## Annotated photo localization data
____________
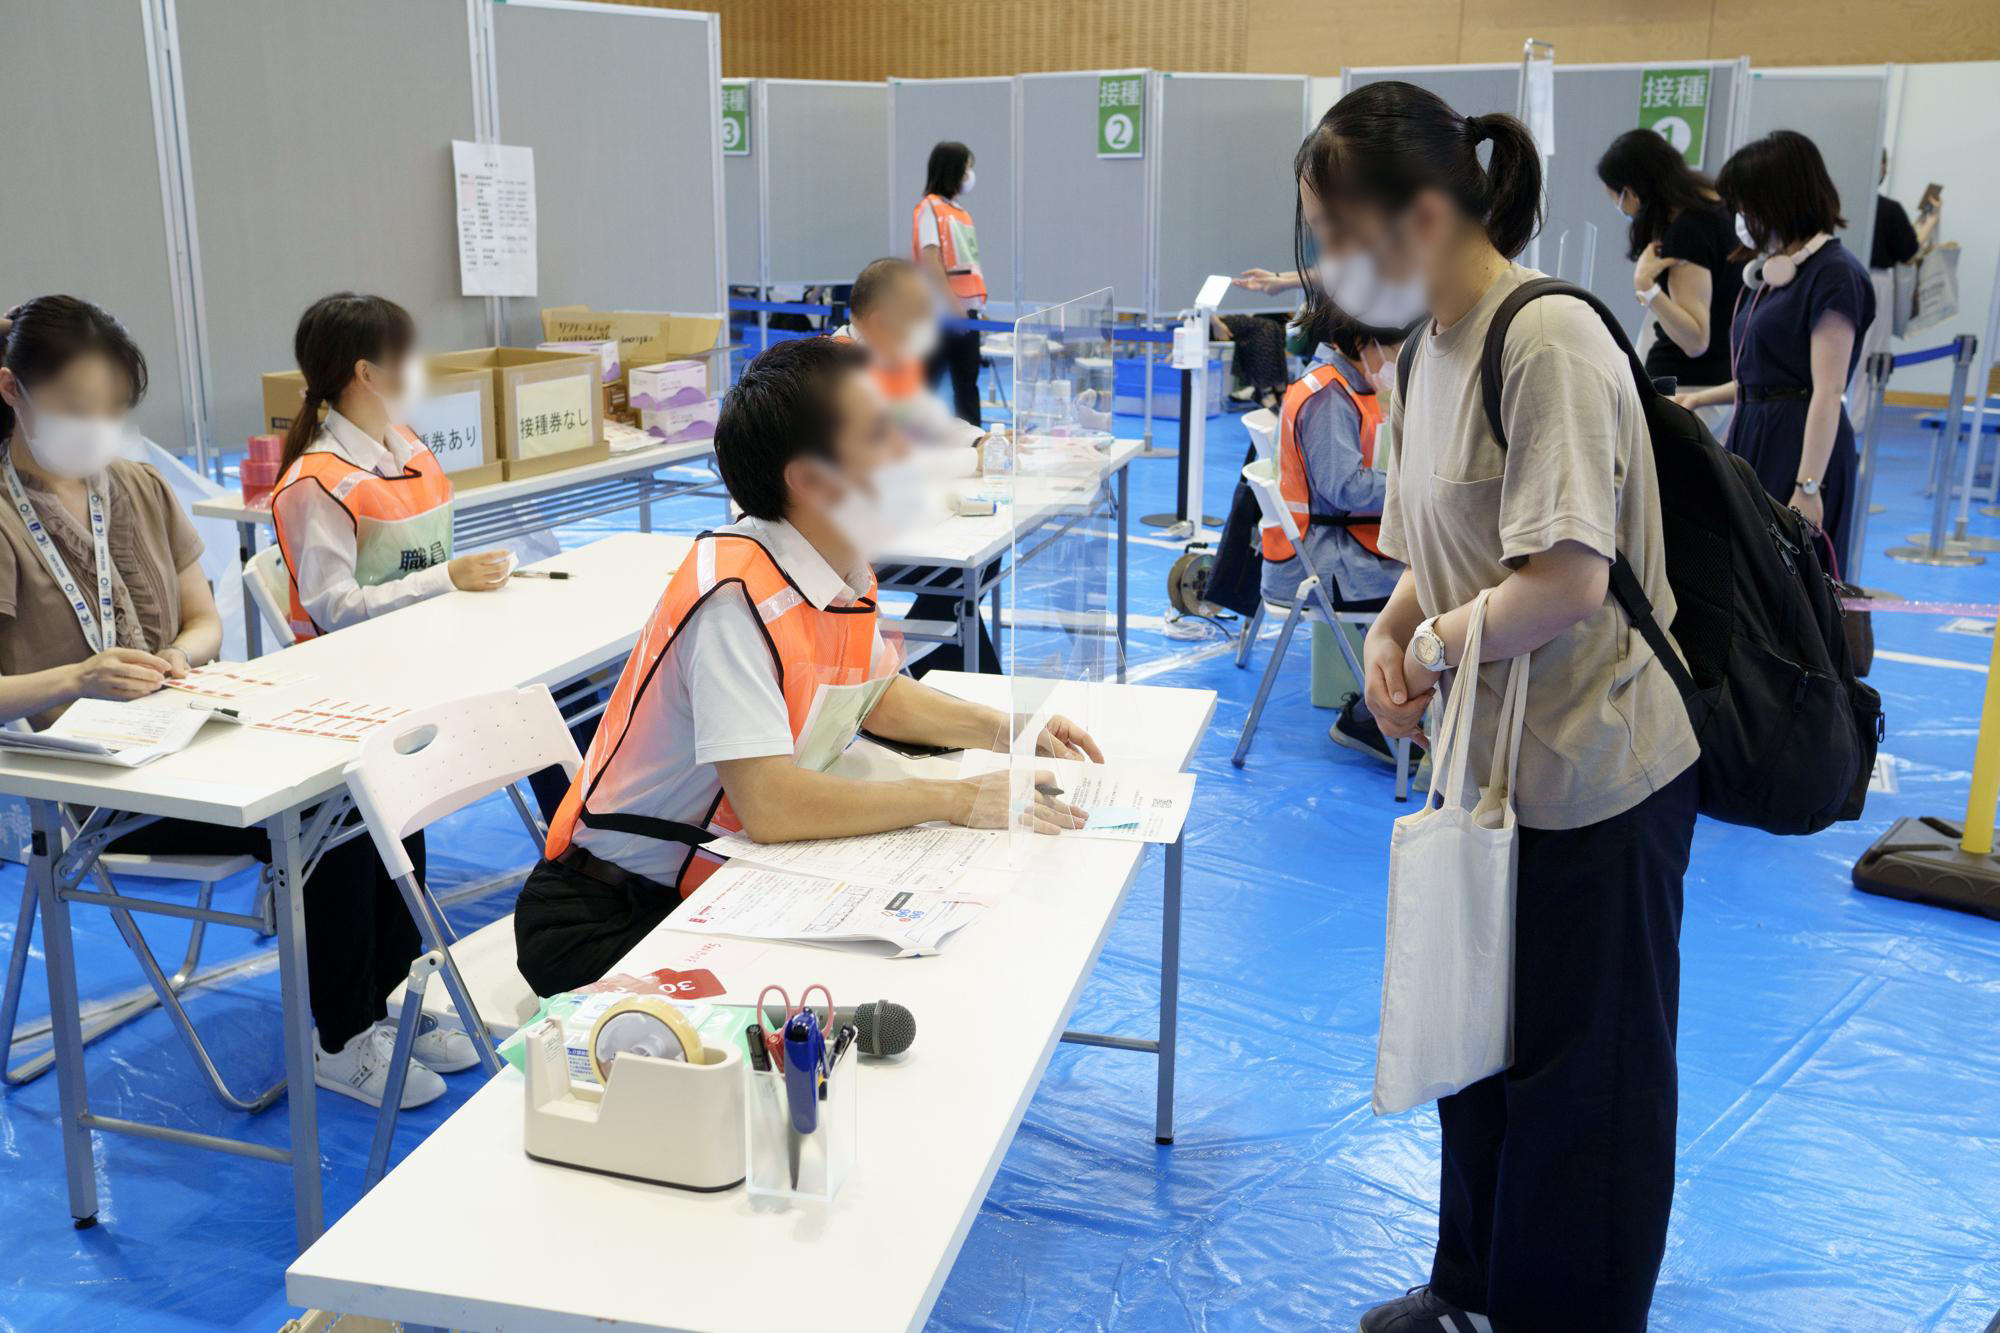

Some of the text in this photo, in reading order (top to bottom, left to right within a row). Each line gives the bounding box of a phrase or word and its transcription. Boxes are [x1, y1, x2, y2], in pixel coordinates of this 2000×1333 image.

[1100, 80, 1140, 107] 接種
[1642, 75, 1705, 108] 接種
[723, 123, 735, 144] 3
[1112, 120, 1126, 144] 2
[520, 408, 589, 440] 接種券なし
[399, 541, 446, 571] 職員
[658, 980, 696, 994] 30
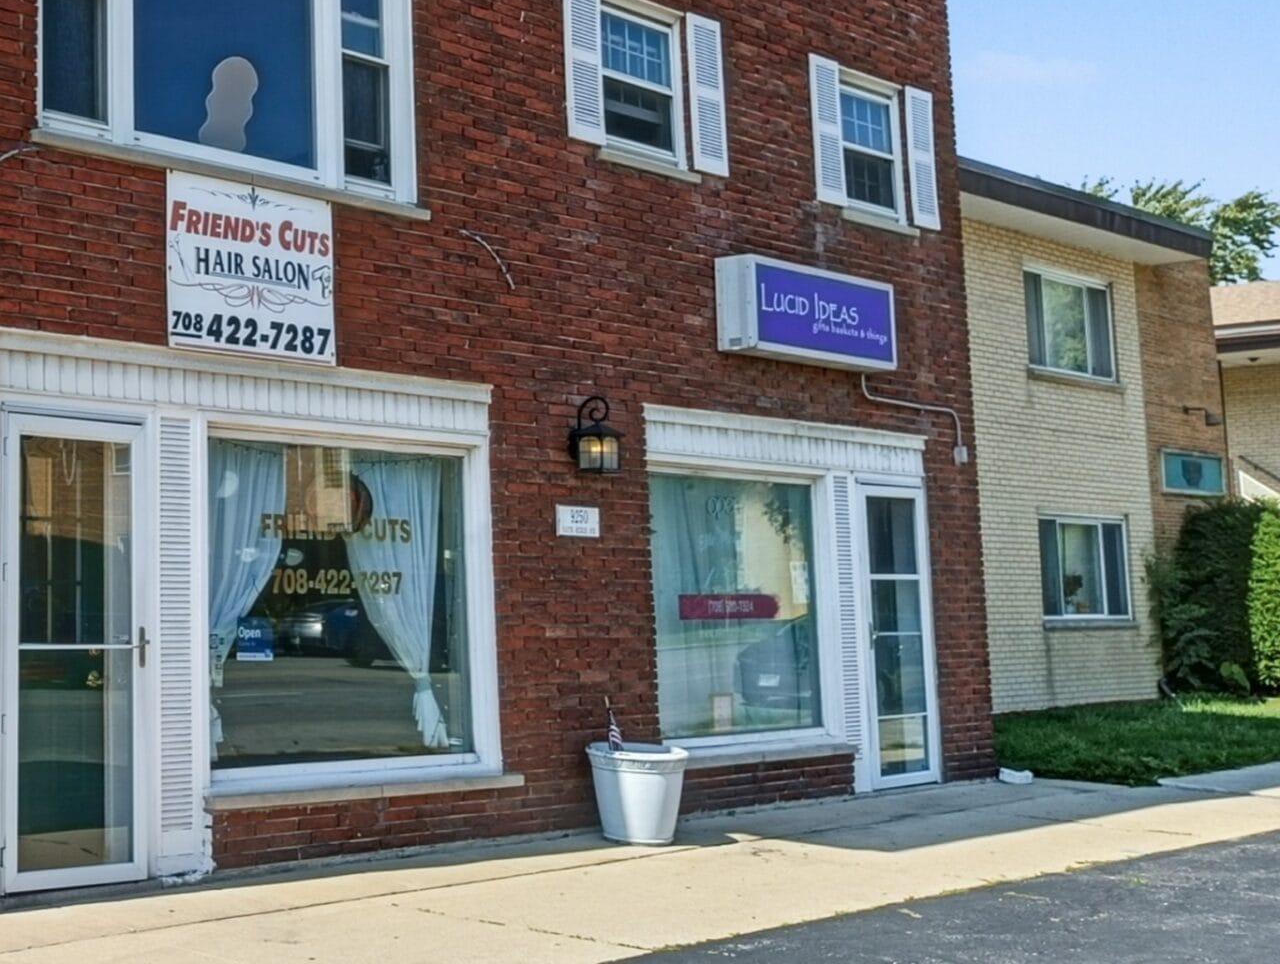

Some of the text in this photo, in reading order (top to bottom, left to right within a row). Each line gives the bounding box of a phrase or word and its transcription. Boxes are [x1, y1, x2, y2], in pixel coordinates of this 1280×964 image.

[195, 246, 310, 290] HAIR SALON
[171, 310, 331, 356] 708 422-7287
[361, 518, 412, 544] CUTS
[238, 626, 261, 641] Open
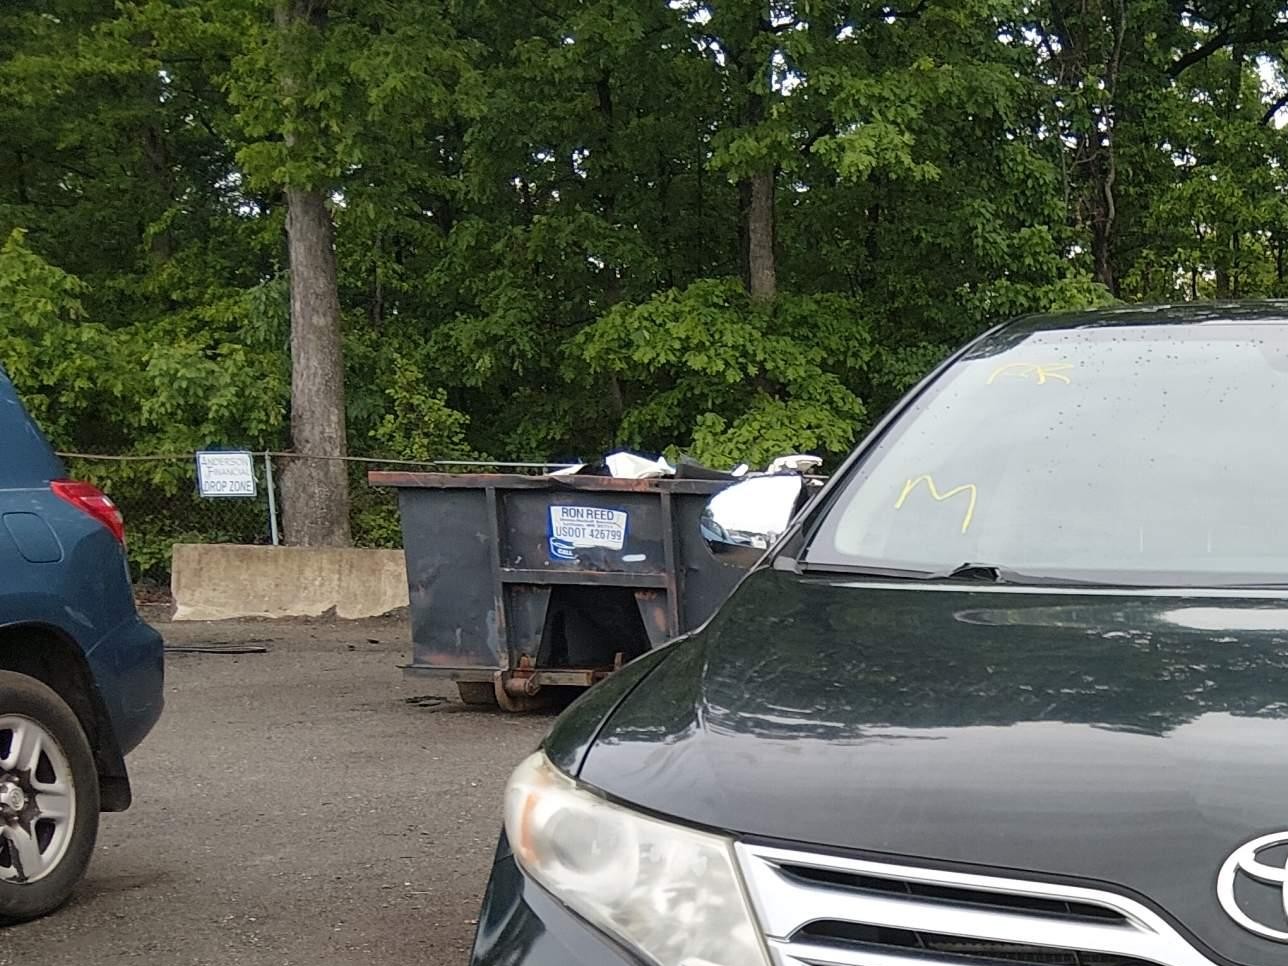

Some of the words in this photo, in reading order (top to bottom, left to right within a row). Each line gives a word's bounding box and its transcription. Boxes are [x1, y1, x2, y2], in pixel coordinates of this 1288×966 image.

[203, 479, 228, 492] DROP
[228, 479, 253, 492] ZONE
[894, 473, 977, 535] M
[561, 507, 584, 519] RON
[585, 508, 614, 521] REED
[556, 525, 586, 539] USDOT
[588, 528, 622, 542] 426799
____________
## What is expected
Omit the pictures and restate the rest of the records verbatim.

## Task solution
Some of the text in this photo, in reading order (top to bottom, left to right within a row). Each line gives the bounding box of a phrase or word and its transcription. Boxes are [x1, y1, x2, y2], in pixel coordinates of this 2000×1333 image.

[1100, 80, 1140, 107] 接種
[1642, 75, 1705, 108] 接種
[723, 123, 735, 144] 3
[1112, 120, 1126, 144] 2
[520, 408, 589, 440] 接種券なし
[399, 541, 446, 571] 職員
[658, 980, 696, 994] 30

Some of the text in this photo, in reading order (top to bottom, left to right within a row). Each line gives the bounding box of a phrase or word and its transcription. Boxes are [x1, y1, x2, y2], in pixel coordinates of this 1280×964 image.

[195, 246, 310, 290] HAIR SALON
[171, 310, 331, 356] 708 422-7287
[361, 518, 412, 544] CUTS
[238, 626, 261, 641] Open

Some of the words in this photo, in reading order (top to bottom, left to right within a row). Each line gives a word's bounding box and its transcription. Boxes are [x1, y1, x2, y2], in pixel coordinates of this 1288×966 image.

[203, 479, 228, 492] DROP
[228, 479, 253, 492] ZONE
[894, 473, 977, 535] M
[561, 507, 584, 519] RON
[585, 508, 614, 521] REED
[556, 525, 586, 539] USDOT
[588, 528, 622, 542] 426799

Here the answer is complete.